■ Problem to solve
Keep the wording of every entry intact in your copy, and omit the pictures.

■ Provided information
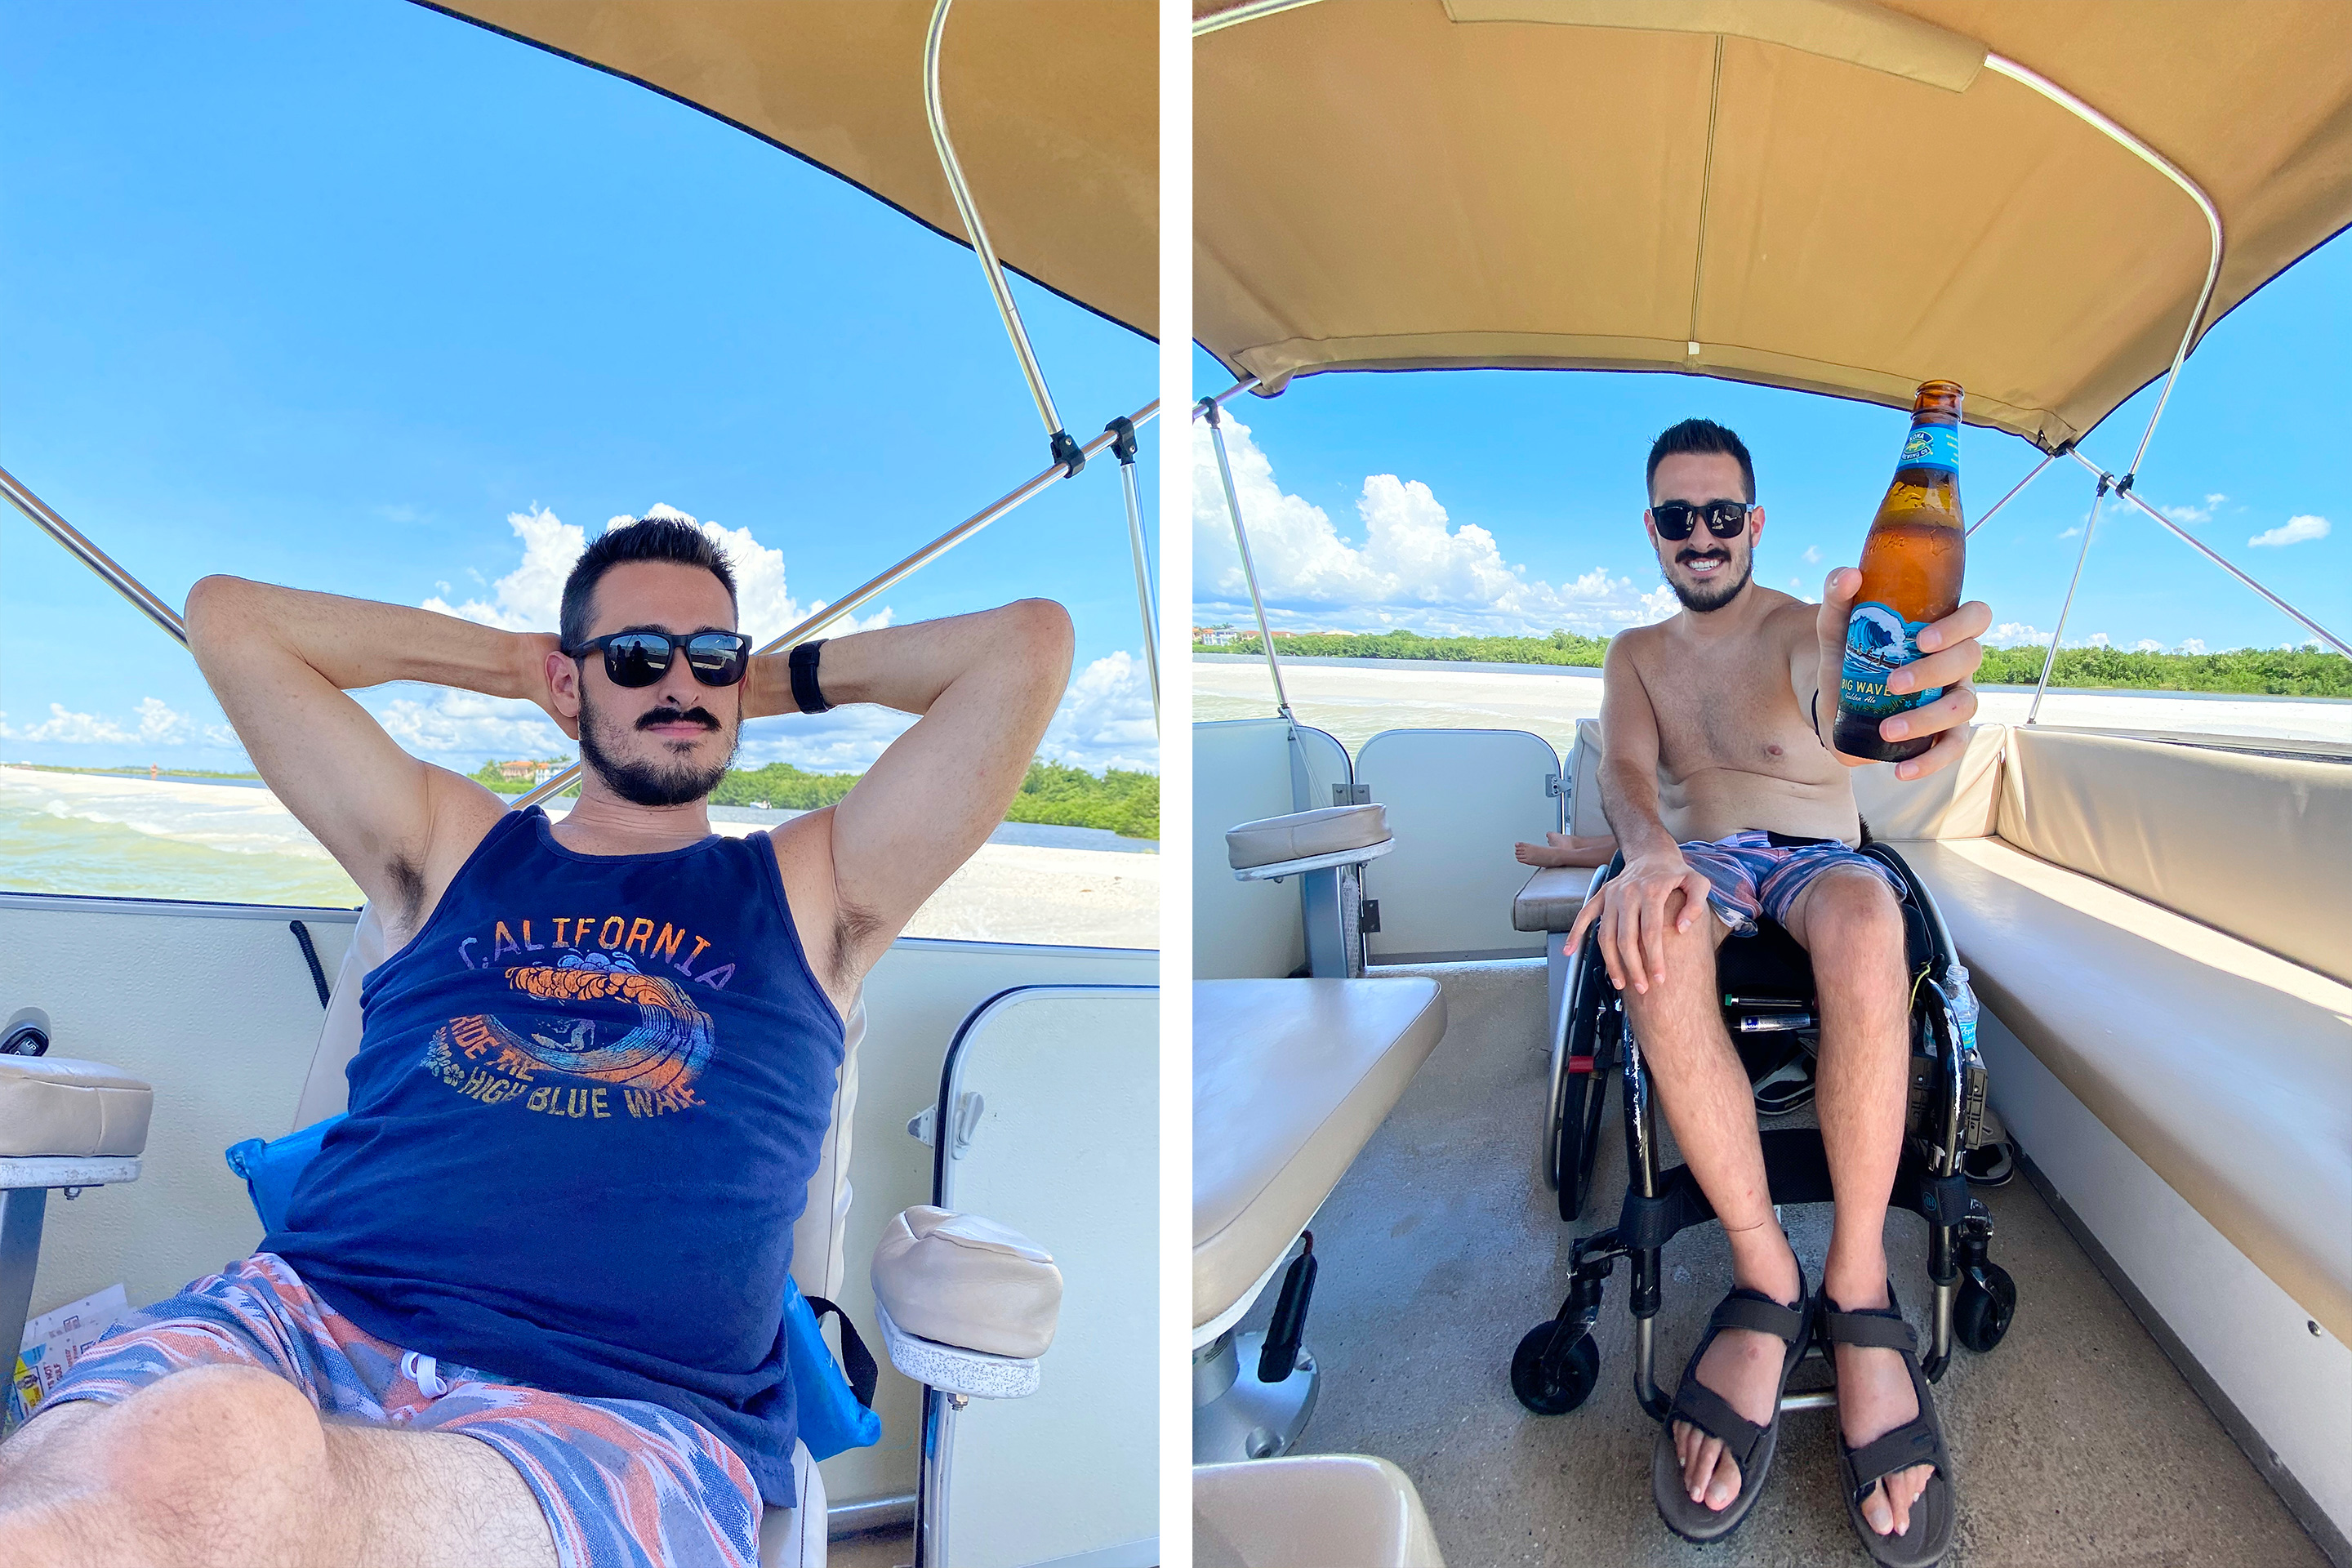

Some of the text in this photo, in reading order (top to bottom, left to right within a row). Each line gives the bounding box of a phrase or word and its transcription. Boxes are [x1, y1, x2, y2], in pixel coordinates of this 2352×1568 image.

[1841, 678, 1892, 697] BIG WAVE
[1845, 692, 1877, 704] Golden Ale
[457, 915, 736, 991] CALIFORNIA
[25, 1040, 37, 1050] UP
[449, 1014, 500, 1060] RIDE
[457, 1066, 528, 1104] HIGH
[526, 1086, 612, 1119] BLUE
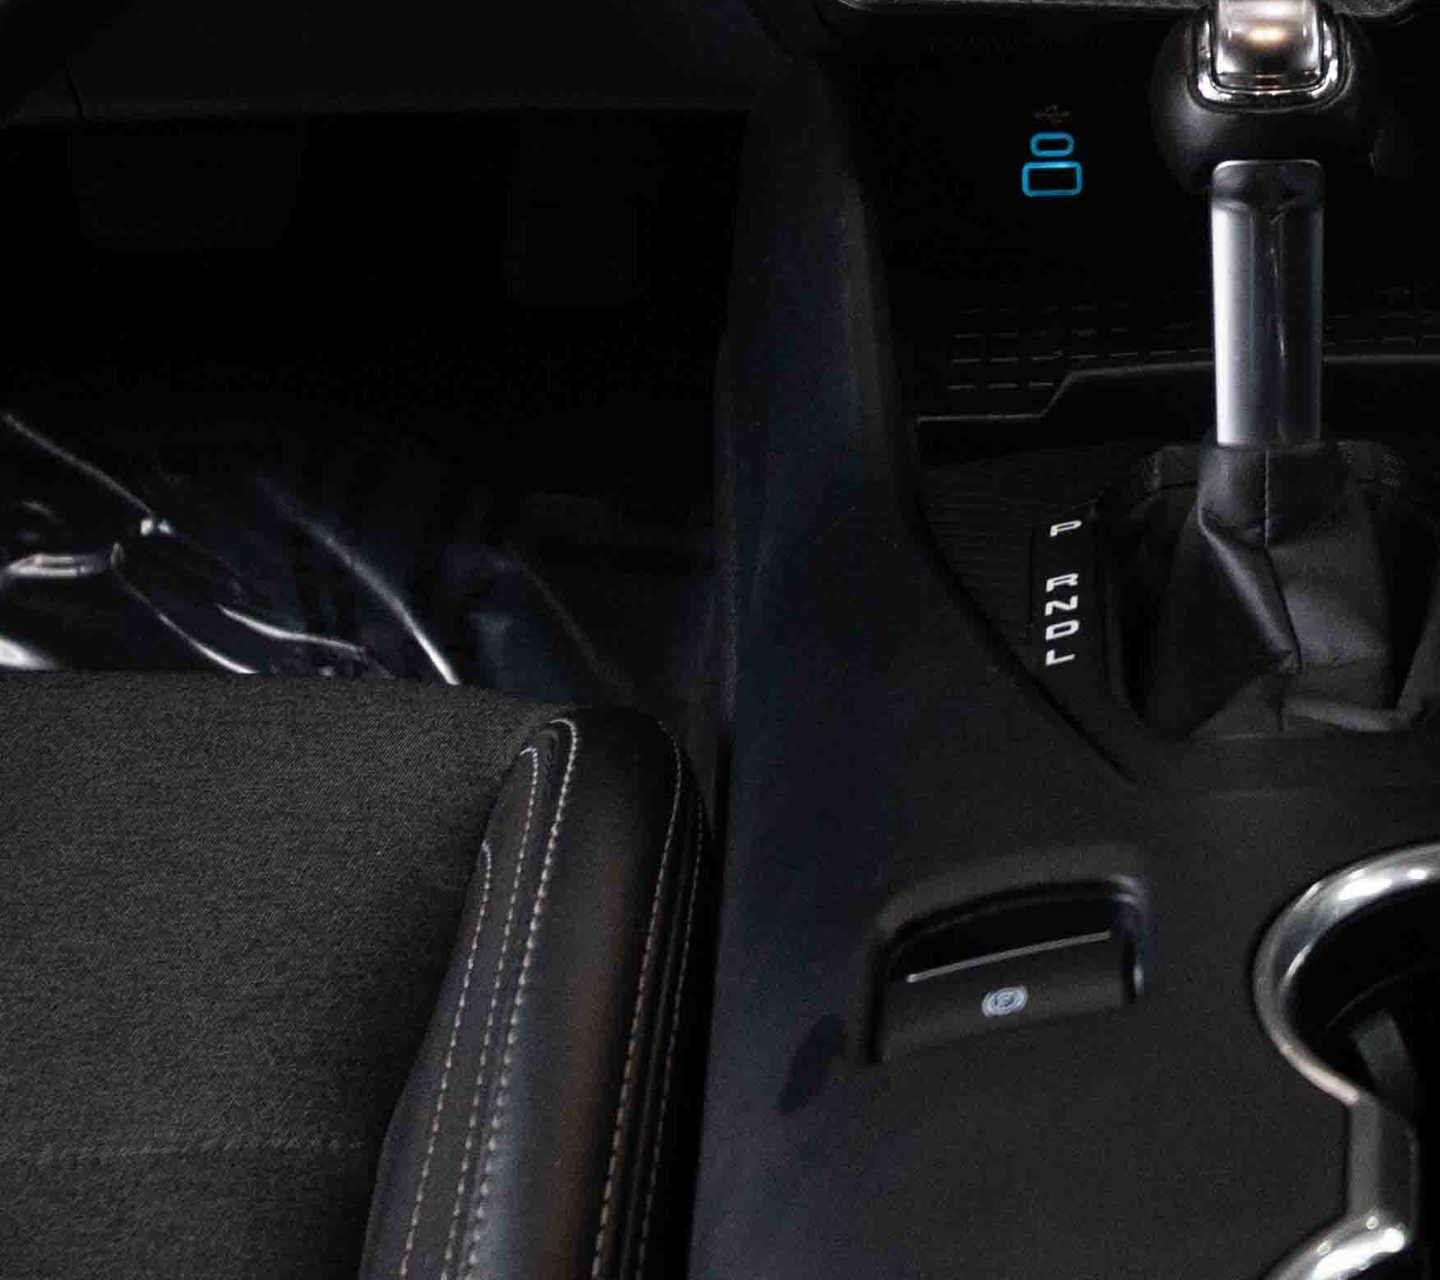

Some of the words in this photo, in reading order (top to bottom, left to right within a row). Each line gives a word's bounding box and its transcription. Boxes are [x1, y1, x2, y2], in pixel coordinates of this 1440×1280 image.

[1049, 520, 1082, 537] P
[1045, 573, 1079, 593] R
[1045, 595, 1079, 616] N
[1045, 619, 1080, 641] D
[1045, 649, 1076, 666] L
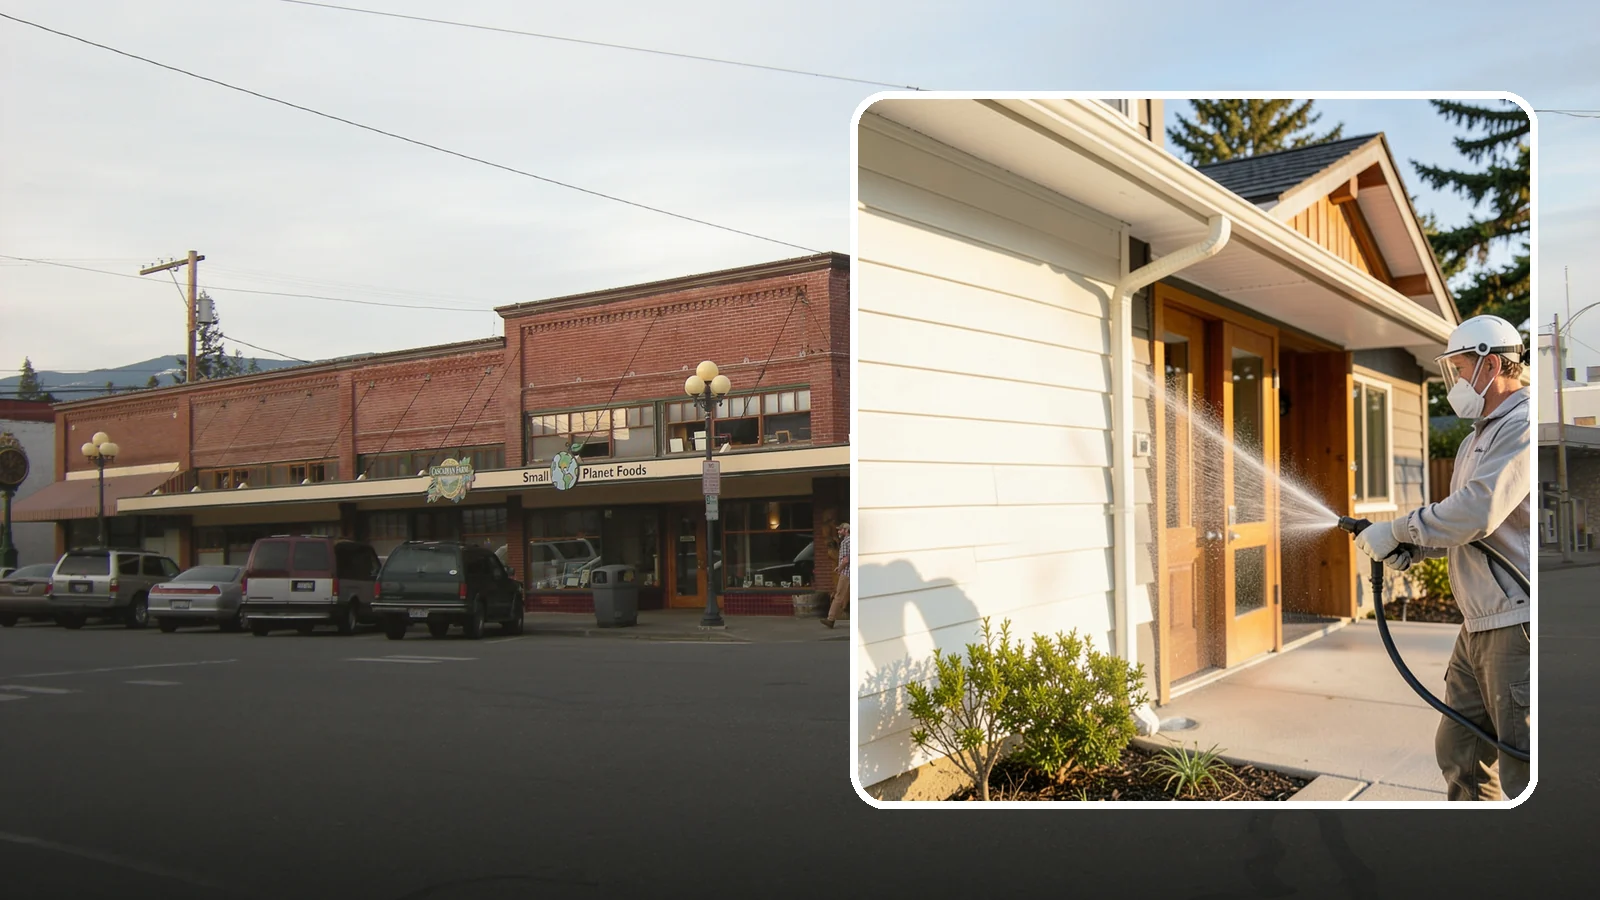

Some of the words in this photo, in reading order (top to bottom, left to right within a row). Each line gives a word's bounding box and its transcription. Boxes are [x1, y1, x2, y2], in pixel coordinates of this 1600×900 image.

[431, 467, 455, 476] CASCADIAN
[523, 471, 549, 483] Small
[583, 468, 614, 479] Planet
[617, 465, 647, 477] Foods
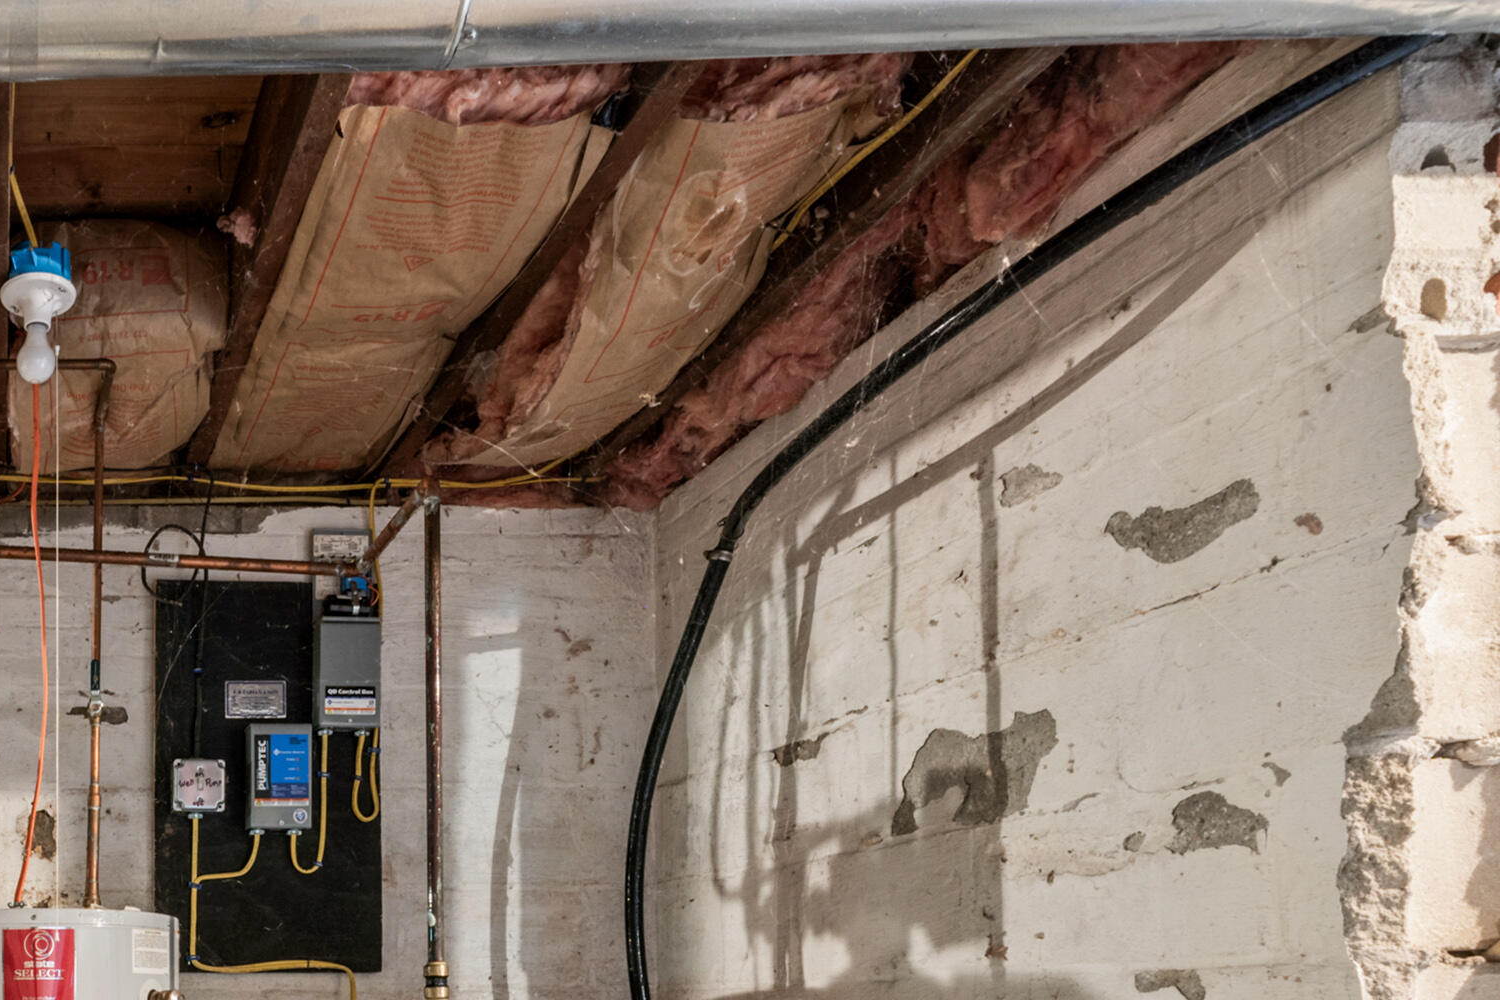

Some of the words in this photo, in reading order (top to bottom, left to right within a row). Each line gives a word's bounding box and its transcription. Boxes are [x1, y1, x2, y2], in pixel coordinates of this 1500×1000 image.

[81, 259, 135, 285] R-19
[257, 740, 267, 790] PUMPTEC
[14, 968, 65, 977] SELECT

■ Answer to this problem
Some of the text in this photo, in reading order (top to bottom, left to right within a row). Each line gives the bounding box of a phrase or word and its transcription. Boxes are [x1, y1, x2, y2], in pixel coordinates of this 2352×1568 image.

[1841, 678, 1892, 697] BIG WAVE
[1845, 692, 1877, 704] Golden Ale
[457, 915, 736, 991] CALIFORNIA
[25, 1040, 37, 1050] UP
[449, 1014, 500, 1060] RIDE
[457, 1066, 528, 1104] HIGH
[526, 1086, 612, 1119] BLUE

Some of the words in this photo, in reading order (top to bottom, left to right within a row). Each line gives a word's bounding box and its transcription. Boxes are [x1, y1, x2, y2], in pixel coordinates of this 1440×1280 image.

[1049, 520, 1082, 537] P
[1045, 573, 1079, 593] R
[1045, 595, 1079, 616] N
[1045, 619, 1080, 641] D
[1045, 649, 1076, 666] L

Some of the words in this photo, in reading order (top to bottom, left to right within a row). Each line gives a word's bounding box and its transcription. Boxes are [x1, y1, x2, y2], in pixel coordinates of this 1600×900 image.

[431, 467, 455, 476] CASCADIAN
[523, 471, 549, 483] Small
[583, 468, 614, 479] Planet
[617, 465, 647, 477] Foods

Some of the words in this photo, in reading order (top to bottom, left to right within a row). Each line gives a word's bounding box and its transcription. Boxes are [x1, y1, x2, y2], in pixel coordinates of this 1500×1000 image.

[81, 259, 135, 285] R-19
[257, 740, 267, 790] PUMPTEC
[14, 968, 65, 977] SELECT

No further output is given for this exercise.